Registers do many jobs, but one of their more important jobs is holding addresses of important locations in memory. If you'll recall, the 8086 and 8088 have 20 address pins, and their megabyte of memory (which is the real mode segmented memory we're talking about) requires addresses 20 bits in size.

How do you put a 20-bit memory address in a 16-bit register?

Easy. You don't.

You put a 20-bit address in two 16-bit registers.

What happens is this: All memory locations in real mode's megabyte of memory have not one address but two. Every byte in memory is assumed to reside in a segment. A byte's complete address, then, consists of the address of its segment, along with the distance of the byte from the start of that segment. The address of the segment is (as we said before) the byte's segment address. The byte's distance from the start of the segment is the byte's offset address. Both addresses must be specified to completely describe any single byte's location within the full megabyte of real mode memory. When written out, the segment address comes first, followed by the offset address. The two are separated with a colon. Segment:offset addresses are always written in hexadecimal. Make sure that the colon is there so that people know you're specifying an address and not just a couple of numbers!

I've drawn Figure 6.5 to help make this a little clearer. A byte of data we'll call MyByte exists in memory at the location marked. Its address is given as 0001:001D. This means that MyByte falls within segment 0001H and is located 001DH bytes from the start of that segment. Note that when two numbers are used to specify an address with a colon between them, you do not end each of the two numbers with an H for hexadecimal.

Figure 6.5: Segments and offsets.

You can omit leading zeros if you like; that is, instead of saying 00B2:0004 you could write 0B2:4. (The leading zero is retained in front of the B in keeping with assembly language policy of never allowing a hex number to begin with the hex digits A through F.) As a good rule of thumb, however, I recommend using all four hex digits in both components of the address except when all four digits are zeros. In other words, you can abbreviate 0000:0061 to 0:0061 or 0B00:0000 to 0B00:0.

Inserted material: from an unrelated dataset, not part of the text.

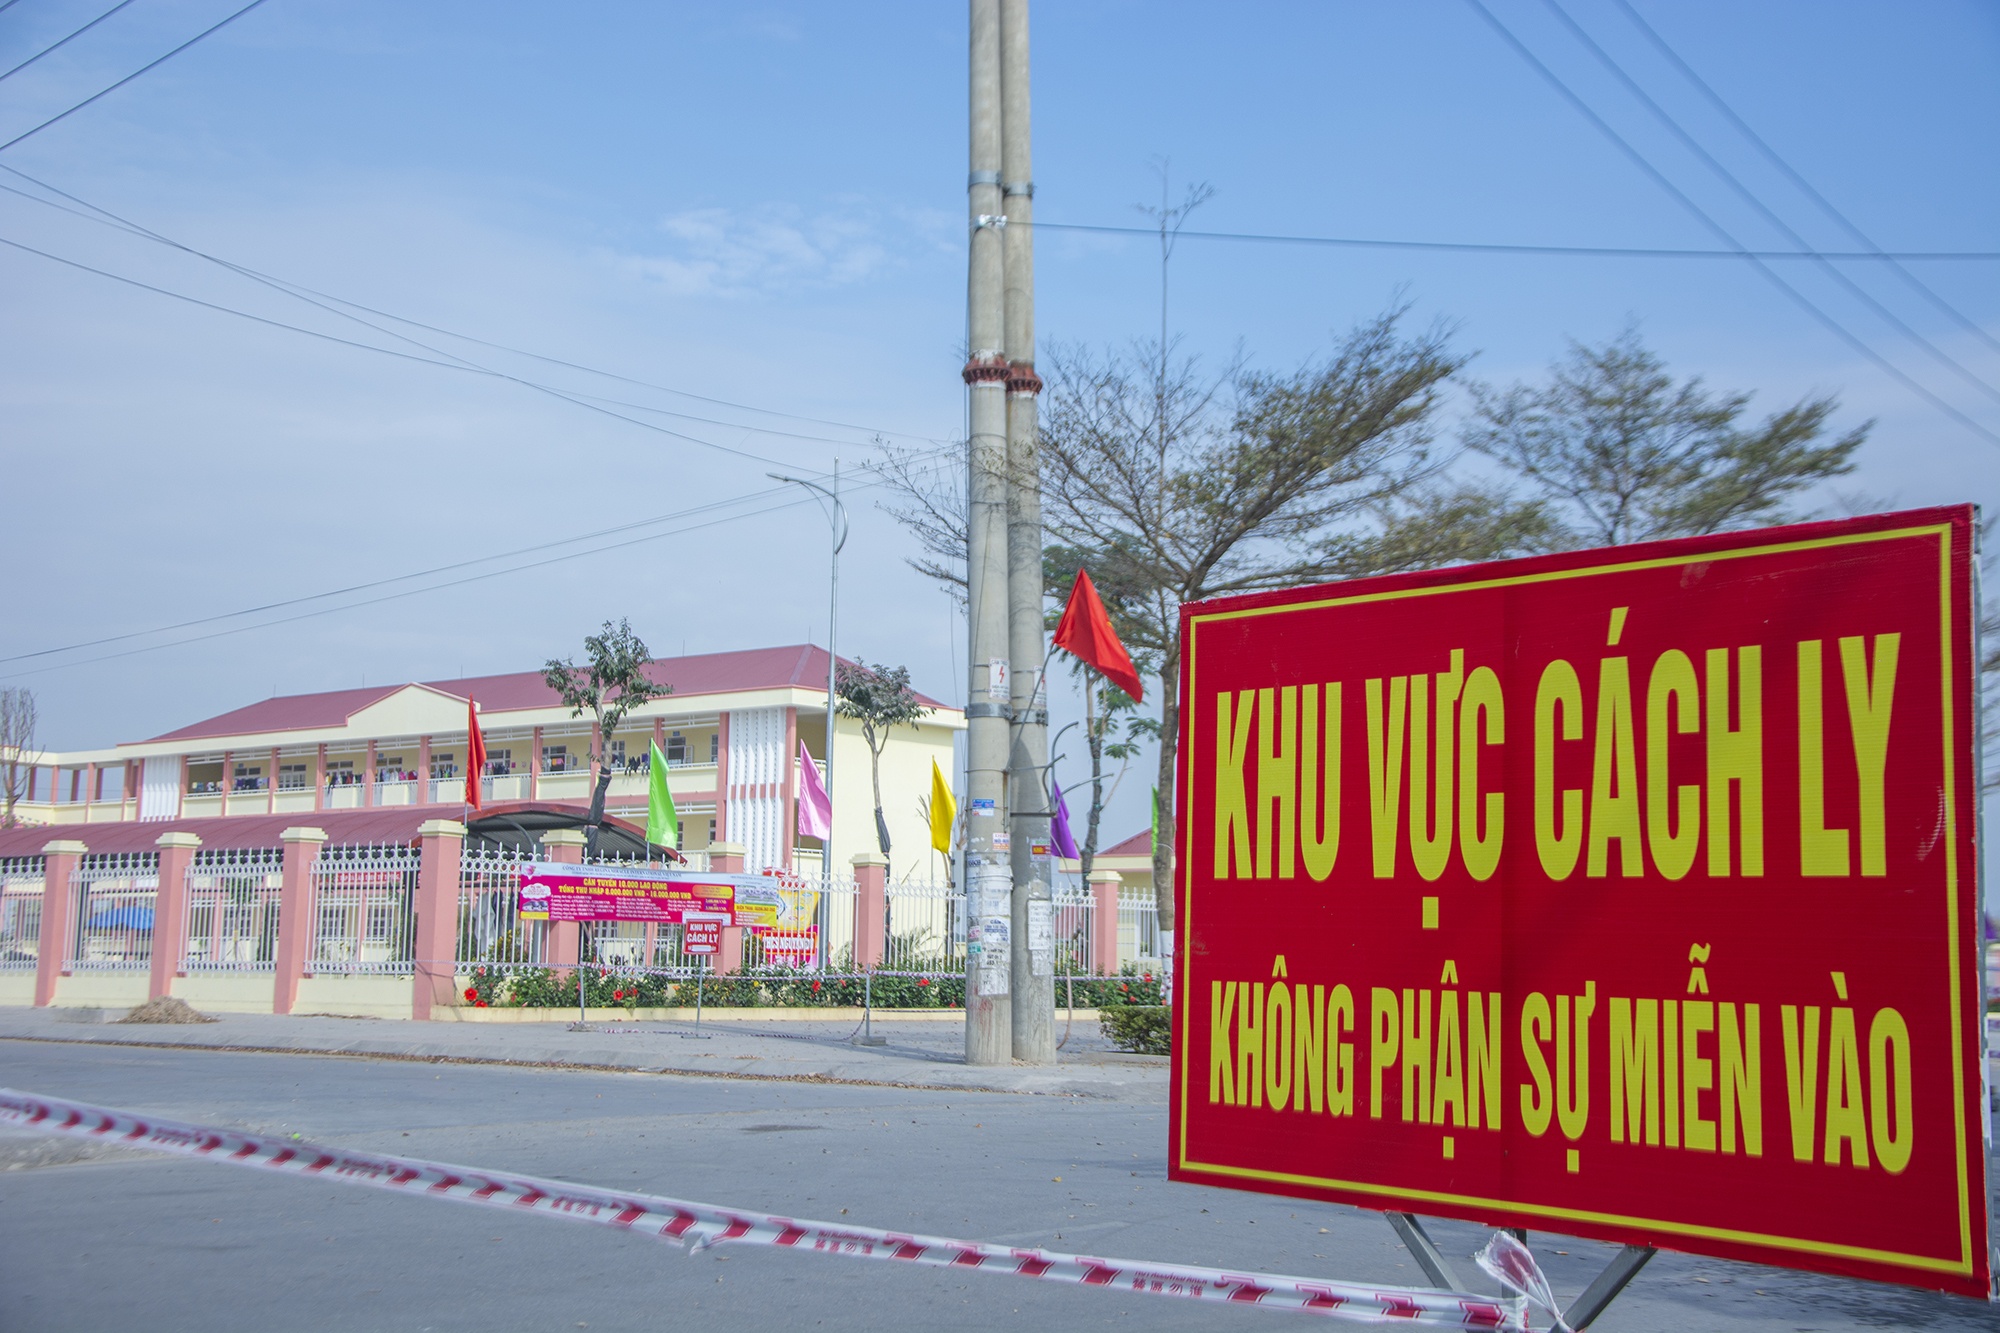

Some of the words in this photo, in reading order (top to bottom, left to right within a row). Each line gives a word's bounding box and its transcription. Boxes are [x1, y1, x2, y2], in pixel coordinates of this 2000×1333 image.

The universe is perverse, however, and clever eyes will perceive that MyByte can have two other perfectly legal addresses: 0:002D and 0002:000D. How so? Keep in mind that a segment may start every 16 bytes throughout the full megabyte of real memory. A segment, once begun, embraces all bytes from its origin to 65,535 bytes further up in memory. There's nothing wrong with segments overlapping, and in Figure 6.3 we have three overlapping segments. MyByte is 2DH bytes into the first segment, which begins at segment address 0000H. MyByte is 1DH bytes into the second segment, which begins at segment address 0001H. It's not that MyByte is in two or three places at once. It's in only one place, but that one place may be described in any of three ways.

It's a little like Chicago's street-numbering system. Howard Street is 76 blocks north of Chicago's "origin," Madison Street. Howard Street is, however, only 4 blocks north of Touhy Avenue. You can describe Howard Street's location relative to either Madison Street or Touhy Avenue, depending on what you want to do.

An arbitrary byte somewhere in the middle of real mode's megabyte of memory may fall within literally tens of thousands of different segments. Which segment the byte is actually in is strictly a matter of convention.

This problem appears in real life to confront programmers of the IBM PC. The PC keeps its time and date information in a series of memory bytes that starts at address 0040:006C. There is also a series of memory bytes containing PC timer information located at 0000:046C. You guessed it-we're talking about exactly the same starting byte. Different writers speaking of that same byte may give its address in either of those two ways, and they'll all be completely correct.

The way, then, to express a 20-bit address in two 16-bit registers is to put the segment address into one 16-bit register, and the offset address into another 16-bit register. The two registers taken together identify 1 byte among all 1,048,576 bytes in real mode's megabyte of memory.

Is this awkward? You bet. But it was the best we could do for a good many years.